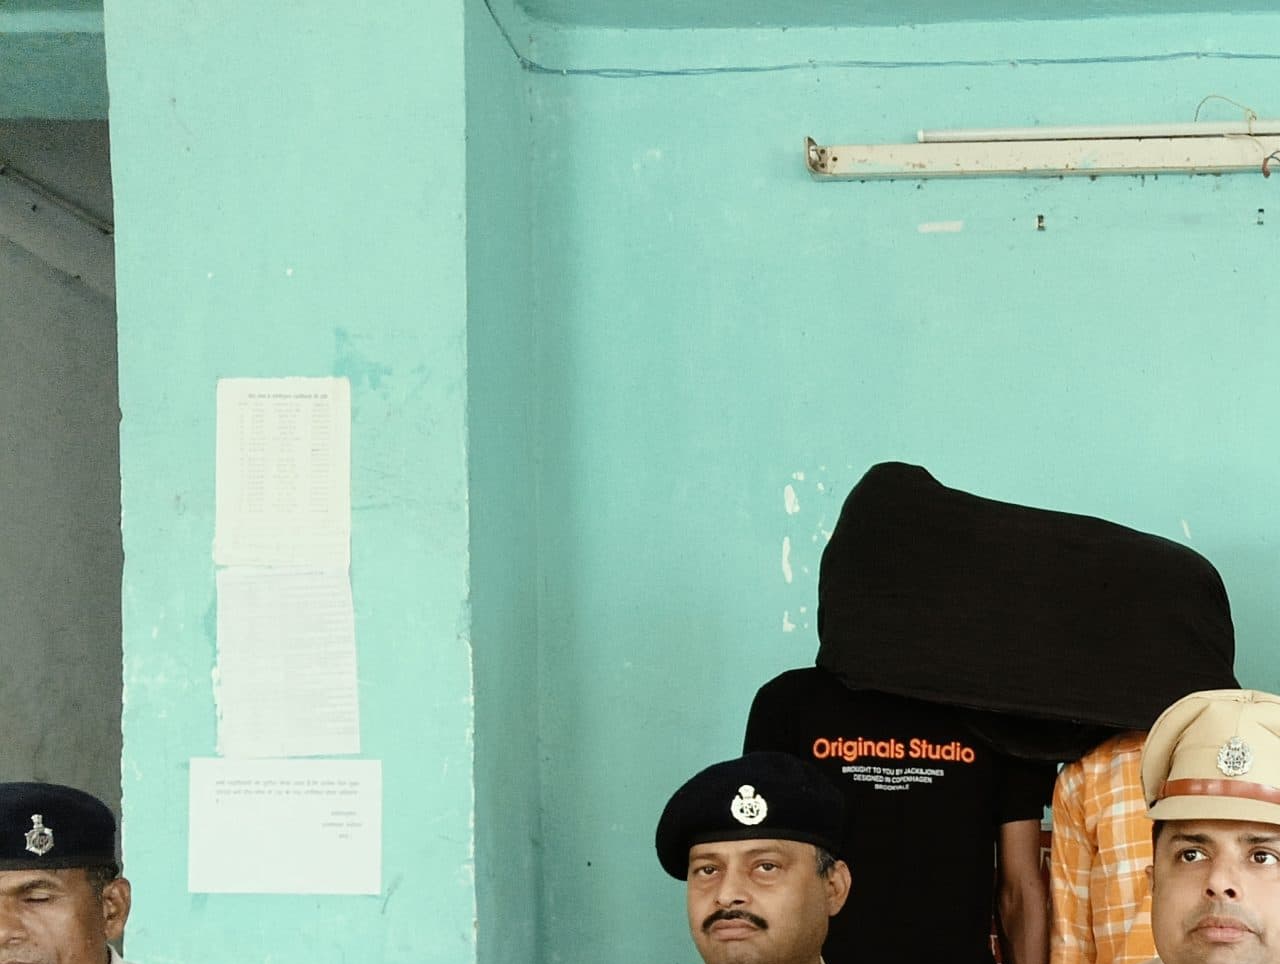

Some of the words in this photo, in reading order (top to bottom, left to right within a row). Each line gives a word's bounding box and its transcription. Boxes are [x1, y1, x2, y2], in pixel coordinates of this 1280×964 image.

[813, 737, 904, 762] Originals
[909, 738, 975, 763] Studio
[841, 765, 871, 774] BROUGHT
[872, 766, 882, 774] TO
[882, 767, 895, 775] YOU
[895, 768, 903, 776] BY
[853, 773, 884, 783] DESIGNED
[891, 775, 933, 784] COPENHAGEN

- - -

● **TASK ITEM**: With the pictures set aside, repeat every entry above exactly.

● **RESPONSE TO THE EXERCISE**:
Some of the words in this photo, in reading order (top to bottom, left to right within a row). Each line gives a word's bounding box and its transcription. Boxes are [x1, y1, x2, y2], in pixel coordinates of this 1280×964 image.

[813, 737, 904, 762] Originals
[909, 738, 975, 763] Studio
[841, 765, 871, 774] BROUGHT
[872, 766, 882, 774] TO
[882, 767, 895, 775] YOU
[895, 768, 903, 776] BY
[853, 773, 884, 783] DESIGNED
[891, 775, 933, 784] COPENHAGEN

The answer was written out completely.